Dataset extract section start

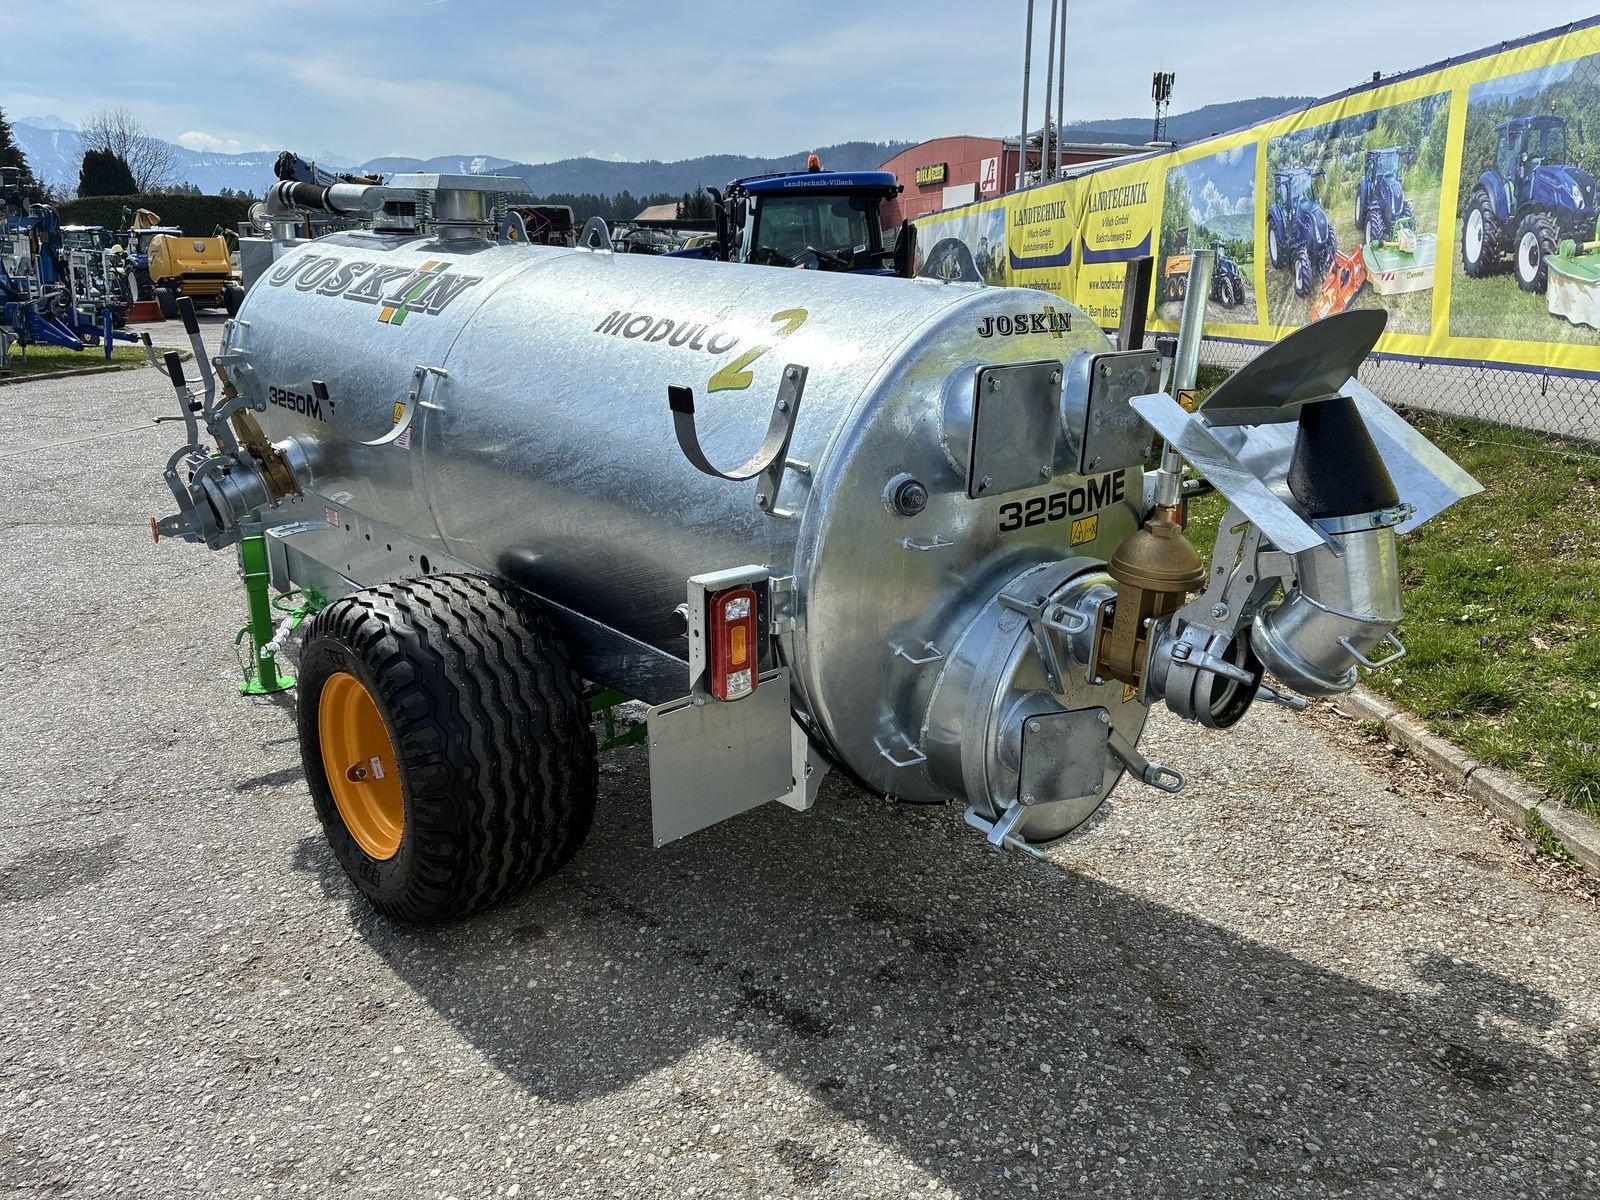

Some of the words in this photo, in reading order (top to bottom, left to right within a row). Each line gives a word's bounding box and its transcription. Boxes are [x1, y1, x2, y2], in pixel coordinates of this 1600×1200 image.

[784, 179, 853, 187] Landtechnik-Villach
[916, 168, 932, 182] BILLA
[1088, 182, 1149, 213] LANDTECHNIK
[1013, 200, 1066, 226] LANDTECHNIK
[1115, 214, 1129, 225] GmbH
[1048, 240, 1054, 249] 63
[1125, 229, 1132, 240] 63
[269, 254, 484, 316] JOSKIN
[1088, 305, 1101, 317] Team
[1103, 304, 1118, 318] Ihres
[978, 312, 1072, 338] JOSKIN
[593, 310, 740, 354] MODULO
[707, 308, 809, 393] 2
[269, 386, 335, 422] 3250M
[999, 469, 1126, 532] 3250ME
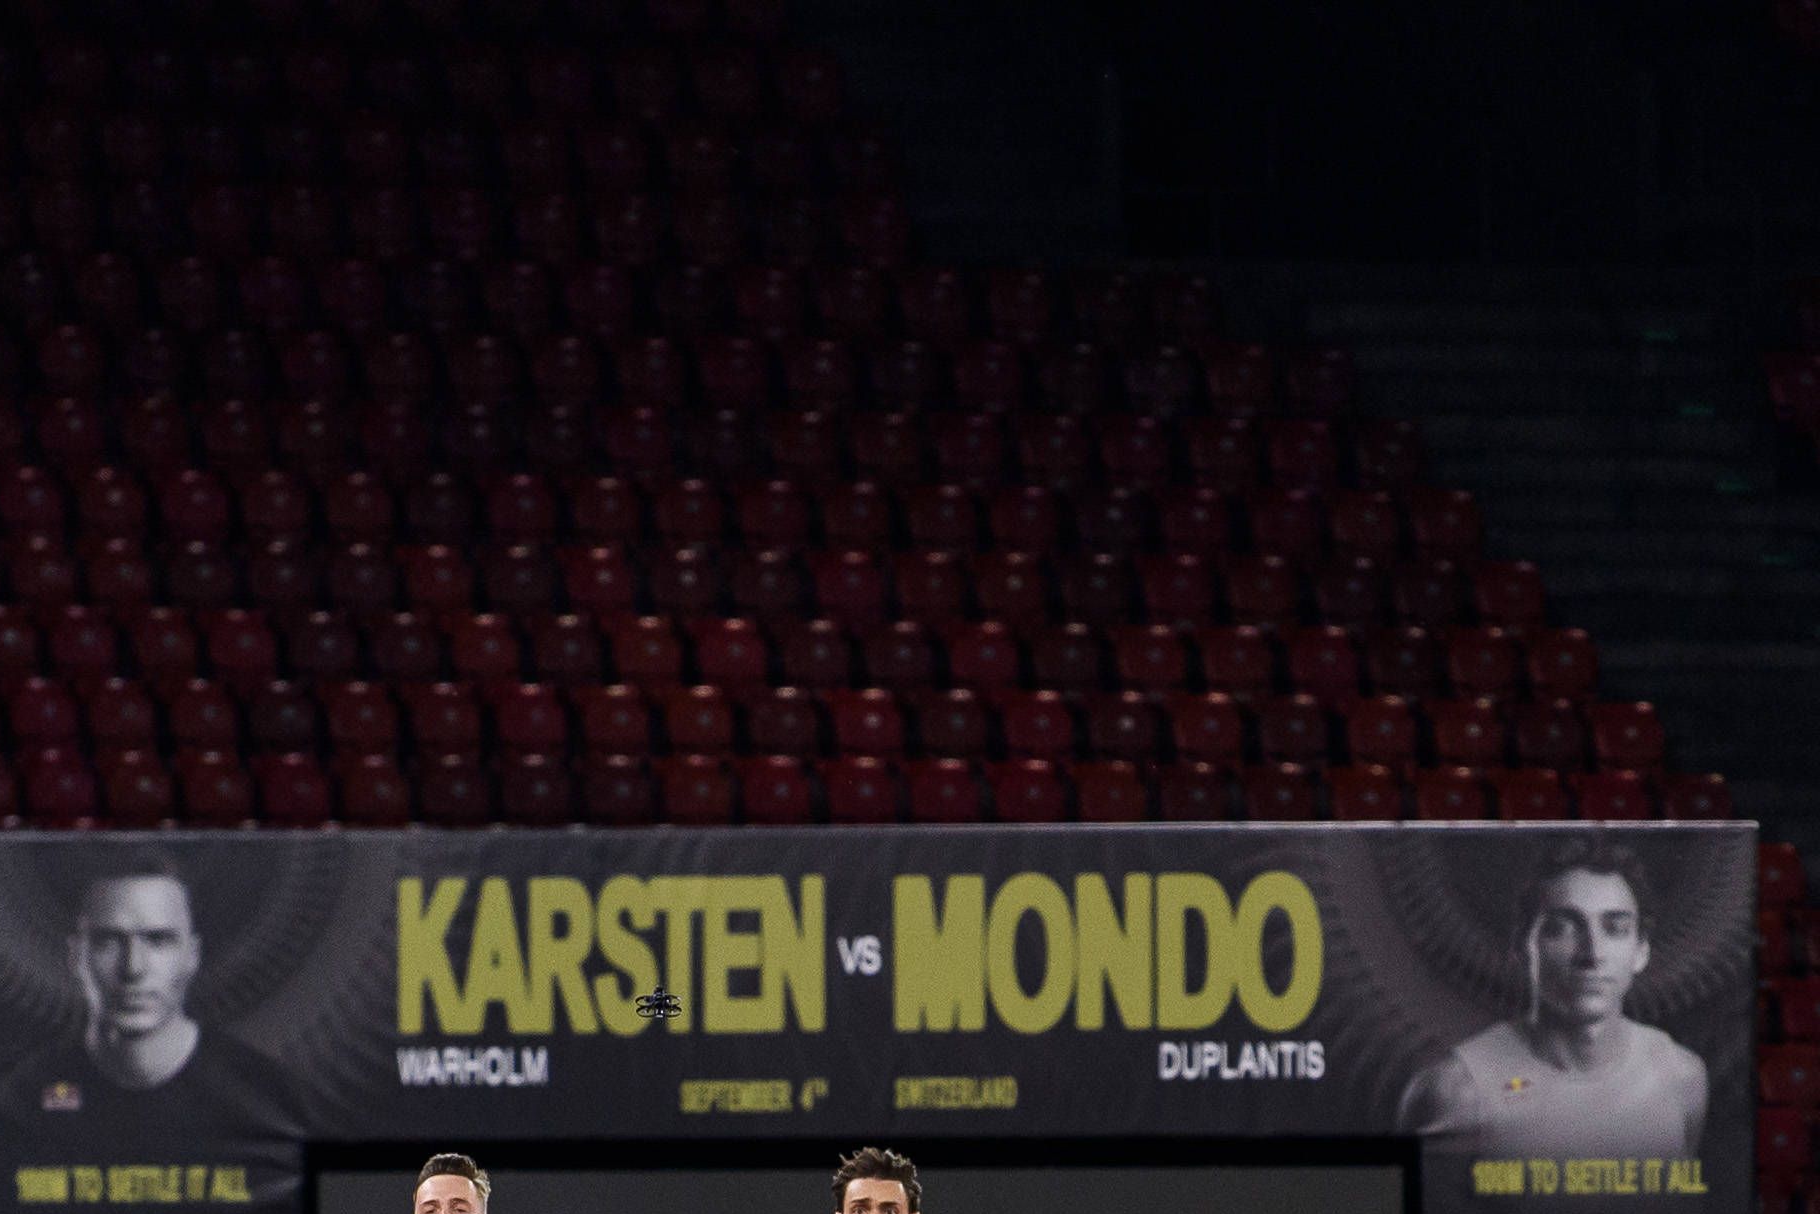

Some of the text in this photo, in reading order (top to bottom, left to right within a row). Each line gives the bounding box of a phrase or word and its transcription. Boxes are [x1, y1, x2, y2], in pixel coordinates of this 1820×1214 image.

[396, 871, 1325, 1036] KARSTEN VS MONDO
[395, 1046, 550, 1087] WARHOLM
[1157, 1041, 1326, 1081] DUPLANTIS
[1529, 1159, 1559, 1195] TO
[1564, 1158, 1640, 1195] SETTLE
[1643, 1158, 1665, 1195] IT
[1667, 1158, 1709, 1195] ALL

Dataset extract section end

What you need to do =
Copy out the entries exactly. No pictures.

Exercise result =
Some of the words in this photo, in reading order (top to bottom, left to right within a row). Each line gives a word's bounding box and its transcription. Boxes are [x1, y1, x2, y2], in pixel coordinates of this 1600×1200 image.

[784, 179, 853, 187] Landtechnik-Villach
[916, 168, 932, 182] BILLA
[1088, 182, 1149, 213] LANDTECHNIK
[1013, 200, 1066, 226] LANDTECHNIK
[1115, 214, 1129, 225] GmbH
[1048, 240, 1054, 249] 63
[1125, 229, 1132, 240] 63
[269, 254, 484, 316] JOSKIN
[1088, 305, 1101, 317] Team
[1103, 304, 1118, 318] Ihres
[978, 312, 1072, 338] JOSKIN
[593, 310, 740, 354] MODULO
[707, 308, 809, 393] 2
[269, 386, 335, 422] 3250M
[999, 469, 1126, 532] 3250ME

Some of the text in this photo, in reading order (top to bottom, left to right within a row). Each line gives the bounding box of a phrase or word and its transcription. Boxes are [x1, y1, x2, y2], in pixel coordinates of this 1820×1214 image.

[396, 871, 1325, 1036] KARSTEN VS MONDO
[395, 1046, 550, 1087] WARHOLM
[1157, 1041, 1326, 1081] DUPLANTIS
[1529, 1159, 1559, 1195] TO
[1564, 1158, 1640, 1195] SETTLE
[1643, 1158, 1665, 1195] IT
[1667, 1158, 1709, 1195] ALL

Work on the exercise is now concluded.